EXERCISE PROMPT:
Please give the records below again in full, exactly, with the images left out.
(EXCERPTED DATA Opens)
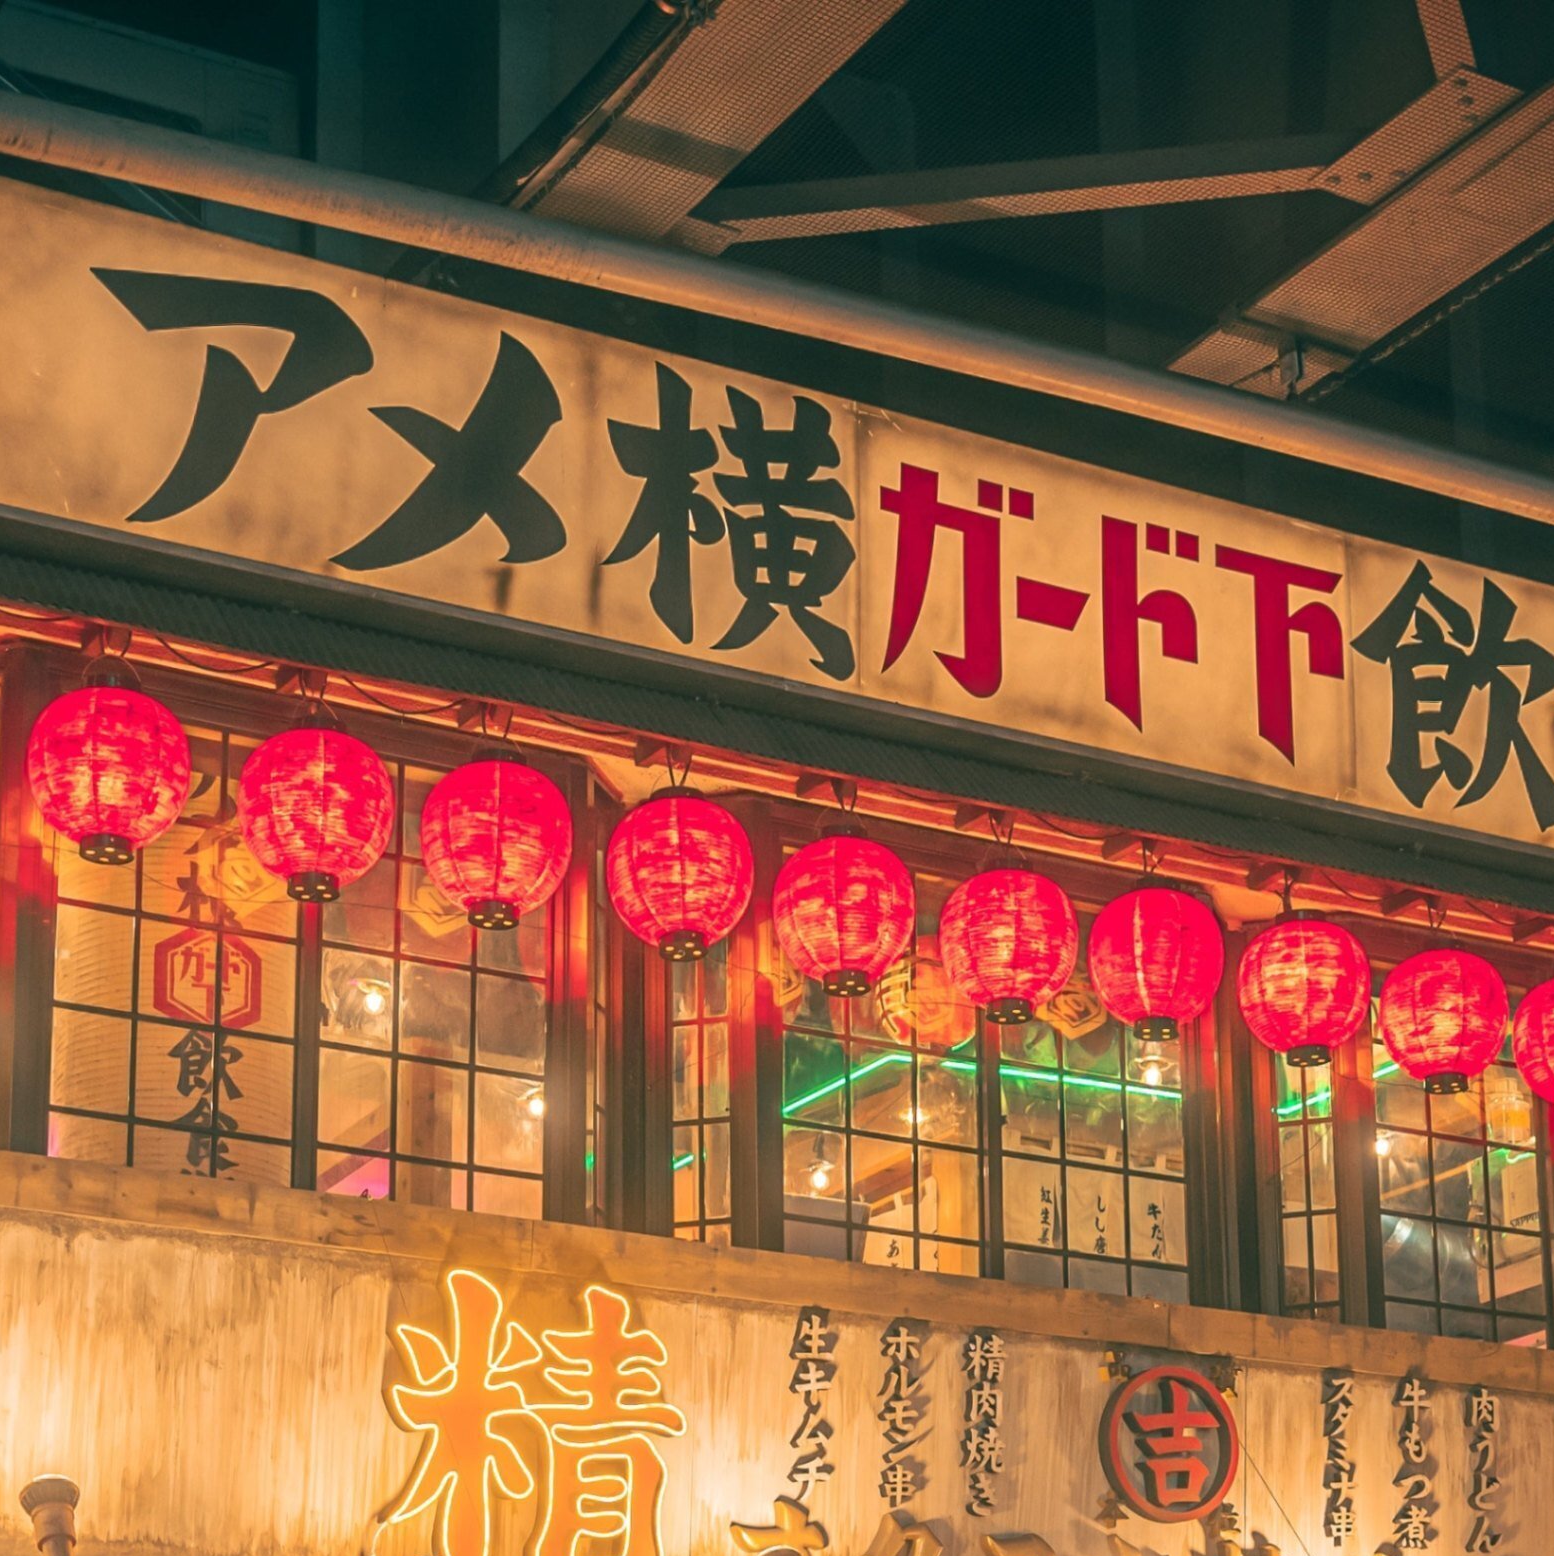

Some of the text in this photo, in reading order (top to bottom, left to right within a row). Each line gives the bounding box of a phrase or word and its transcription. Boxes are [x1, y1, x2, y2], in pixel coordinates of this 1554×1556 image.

[791, 1313, 835, 1500] 生キムチ
[880, 1324, 926, 1508] ホルモン串
[962, 1333, 1006, 1517] 精肉焼き
[1328, 1377, 1357, 1549] スタミナ串
[1468, 1388, 1501, 1554] 肉うどん
(EXCERPTED DATA Closes)
WRITTEN RESPONSE:
Some of the text in this photo, in reading order (top to bottom, left to right within a row). Each line gives the bounding box of a phrase or word and its transcription. Boxes are [x1, y1, x2, y2], in pixel coordinates of this 1554×1556 image.

[791, 1313, 835, 1500] 生キムチ
[880, 1324, 926, 1508] ホルモン串
[962, 1333, 1006, 1517] 精肉焼き
[1328, 1377, 1357, 1549] スタミナ串
[1468, 1388, 1501, 1554] 肉うどん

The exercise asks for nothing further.